= YOUR OBJECTIVE =
Each of the lines below must be retyped character for character.

= INFORMATION PROVIDED =
[Start of section]

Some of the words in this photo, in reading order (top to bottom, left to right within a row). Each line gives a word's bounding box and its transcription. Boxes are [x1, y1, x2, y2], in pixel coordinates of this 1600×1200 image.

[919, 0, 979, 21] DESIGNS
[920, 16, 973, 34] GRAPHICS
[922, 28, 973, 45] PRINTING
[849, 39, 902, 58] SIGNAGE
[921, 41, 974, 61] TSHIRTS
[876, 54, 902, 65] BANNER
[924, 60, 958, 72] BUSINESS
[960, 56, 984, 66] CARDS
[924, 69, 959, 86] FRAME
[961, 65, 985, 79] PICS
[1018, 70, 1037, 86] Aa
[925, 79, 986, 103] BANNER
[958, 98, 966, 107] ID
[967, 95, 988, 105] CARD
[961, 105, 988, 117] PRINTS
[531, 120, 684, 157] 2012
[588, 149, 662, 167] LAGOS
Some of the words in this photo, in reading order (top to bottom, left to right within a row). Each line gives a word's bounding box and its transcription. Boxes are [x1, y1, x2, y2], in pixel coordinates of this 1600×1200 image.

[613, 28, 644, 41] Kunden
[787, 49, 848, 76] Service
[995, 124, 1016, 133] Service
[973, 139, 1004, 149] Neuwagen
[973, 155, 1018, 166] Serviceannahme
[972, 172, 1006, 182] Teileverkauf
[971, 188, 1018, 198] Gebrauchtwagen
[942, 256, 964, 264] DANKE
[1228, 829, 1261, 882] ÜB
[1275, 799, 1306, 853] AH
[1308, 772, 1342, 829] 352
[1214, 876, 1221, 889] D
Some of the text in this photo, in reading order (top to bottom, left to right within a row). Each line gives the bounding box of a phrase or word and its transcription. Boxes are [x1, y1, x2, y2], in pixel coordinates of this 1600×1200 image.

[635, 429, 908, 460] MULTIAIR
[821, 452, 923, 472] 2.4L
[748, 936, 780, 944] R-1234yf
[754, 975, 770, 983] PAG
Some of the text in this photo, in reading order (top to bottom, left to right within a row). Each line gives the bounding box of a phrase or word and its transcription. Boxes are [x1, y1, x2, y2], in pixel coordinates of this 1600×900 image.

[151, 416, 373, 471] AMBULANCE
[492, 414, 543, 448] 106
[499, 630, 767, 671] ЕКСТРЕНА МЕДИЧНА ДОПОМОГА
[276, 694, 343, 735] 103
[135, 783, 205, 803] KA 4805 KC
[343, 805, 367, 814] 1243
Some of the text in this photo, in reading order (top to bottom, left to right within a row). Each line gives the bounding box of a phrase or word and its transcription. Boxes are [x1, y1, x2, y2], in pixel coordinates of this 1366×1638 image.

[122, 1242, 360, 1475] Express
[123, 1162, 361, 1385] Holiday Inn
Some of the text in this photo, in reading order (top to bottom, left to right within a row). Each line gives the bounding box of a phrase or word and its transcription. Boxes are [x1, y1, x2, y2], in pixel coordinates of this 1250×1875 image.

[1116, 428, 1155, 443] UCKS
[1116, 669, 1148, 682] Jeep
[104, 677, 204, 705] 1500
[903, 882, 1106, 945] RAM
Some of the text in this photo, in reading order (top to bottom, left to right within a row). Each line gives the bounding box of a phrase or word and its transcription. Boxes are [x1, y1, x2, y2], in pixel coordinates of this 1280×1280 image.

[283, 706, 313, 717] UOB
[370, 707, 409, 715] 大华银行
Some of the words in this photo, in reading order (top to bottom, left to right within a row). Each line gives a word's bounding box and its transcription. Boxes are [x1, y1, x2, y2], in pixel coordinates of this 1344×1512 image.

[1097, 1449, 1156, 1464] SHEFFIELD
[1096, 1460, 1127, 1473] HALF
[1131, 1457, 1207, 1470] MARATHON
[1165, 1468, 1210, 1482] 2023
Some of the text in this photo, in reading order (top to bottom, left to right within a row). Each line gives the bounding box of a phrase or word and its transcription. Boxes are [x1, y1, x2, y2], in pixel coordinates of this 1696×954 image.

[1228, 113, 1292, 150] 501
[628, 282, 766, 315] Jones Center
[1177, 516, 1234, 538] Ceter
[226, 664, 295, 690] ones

[End of section]

= RESULT OF THIS TASK =
Some of the words in this photo, in reading order (top to bottom, left to right within a row). Each line gives a word's bounding box and its transcription. Boxes are [x1, y1, x2, y2], in pixel coordinates of this 1600×1200 image.

[919, 0, 979, 21] DESIGNS
[920, 16, 973, 34] GRAPHICS
[922, 28, 973, 45] PRINTING
[849, 39, 902, 58] SIGNAGE
[921, 41, 974, 61] TSHIRTS
[876, 54, 902, 65] BANNER
[924, 60, 958, 72] BUSINESS
[960, 56, 984, 66] CARDS
[924, 69, 959, 86] FRAME
[961, 65, 985, 79] PICS
[1018, 70, 1037, 86] Aa
[925, 79, 986, 103] BANNER
[958, 98, 966, 107] ID
[967, 95, 988, 105] CARD
[961, 105, 988, 117] PRINTS
[531, 120, 684, 157] 2012
[588, 149, 662, 167] LAGOS
Some of the words in this photo, in reading order (top to bottom, left to right within a row). Each line gives a word's bounding box and its transcription. Boxes are [x1, y1, x2, y2], in pixel coordinates of this 1600×1200 image.

[613, 28, 644, 41] Kunden
[787, 49, 848, 76] Service
[995, 124, 1016, 133] Service
[973, 139, 1004, 149] Neuwagen
[973, 155, 1018, 166] Serviceannahme
[972, 172, 1006, 182] Teileverkauf
[971, 188, 1018, 198] Gebrauchtwagen
[942, 256, 964, 264] DANKE
[1228, 829, 1261, 882] ÜB
[1275, 799, 1306, 853] AH
[1308, 772, 1342, 829] 352
[1214, 876, 1221, 889] D
Some of the text in this photo, in reading order (top to bottom, left to right within a row). Each line gives the bounding box of a phrase or word and its transcription. Boxes are [x1, y1, x2, y2], in pixel coordinates of this 1600×1200 image.

[635, 429, 908, 460] MULTIAIR
[821, 452, 923, 472] 2.4L
[748, 936, 780, 944] R-1234yf
[754, 975, 770, 983] PAG
Some of the text in this photo, in reading order (top to bottom, left to right within a row). Each line gives the bounding box of a phrase or word and its transcription. Boxes are [x1, y1, x2, y2], in pixel coordinates of this 1600×900 image.

[151, 416, 373, 471] AMBULANCE
[492, 414, 543, 448] 106
[499, 630, 767, 671] ЕКСТРЕНА МЕДИЧНА ДОПОМОГА
[276, 694, 343, 735] 103
[135, 783, 205, 803] KA 4805 KC
[343, 805, 367, 814] 1243
Some of the text in this photo, in reading order (top to bottom, left to right within a row). Each line gives the bounding box of a phrase or word and its transcription. Boxes are [x1, y1, x2, y2], in pixel coordinates of this 1366×1638 image.

[122, 1242, 360, 1475] Express
[123, 1162, 361, 1385] Holiday Inn
Some of the text in this photo, in reading order (top to bottom, left to right within a row). Each line gives the bounding box of a phrase or word and its transcription. Boxes are [x1, y1, x2, y2], in pixel coordinates of this 1250×1875 image.

[1116, 428, 1155, 443] UCKS
[1116, 669, 1148, 682] Jeep
[104, 677, 204, 705] 1500
[903, 882, 1106, 945] RAM
Some of the text in this photo, in reading order (top to bottom, left to right within a row). Each line gives the bounding box of a phrase or word and its transcription. Boxes are [x1, y1, x2, y2], in pixel coordinates of this 1280×1280 image.

[283, 706, 313, 717] UOB
[370, 707, 409, 715] 大华银行
Some of the words in this photo, in reading order (top to bottom, left to right within a row). Each line gives a word's bounding box and its transcription. Boxes are [x1, y1, x2, y2], in pixel coordinates of this 1344×1512 image.

[1097, 1449, 1156, 1464] SHEFFIELD
[1096, 1460, 1127, 1473] HALF
[1131, 1457, 1207, 1470] MARATHON
[1165, 1468, 1210, 1482] 2023
Some of the text in this photo, in reading order (top to bottom, left to right within a row). Each line gives the bounding box of a phrase or word and its transcription. Boxes are [x1, y1, x2, y2], in pixel coordinates of this 1696×954 image.

[1228, 113, 1292, 150] 501
[628, 282, 766, 315] Jones Center
[1177, 516, 1234, 538] Ceter
[226, 664, 295, 690] ones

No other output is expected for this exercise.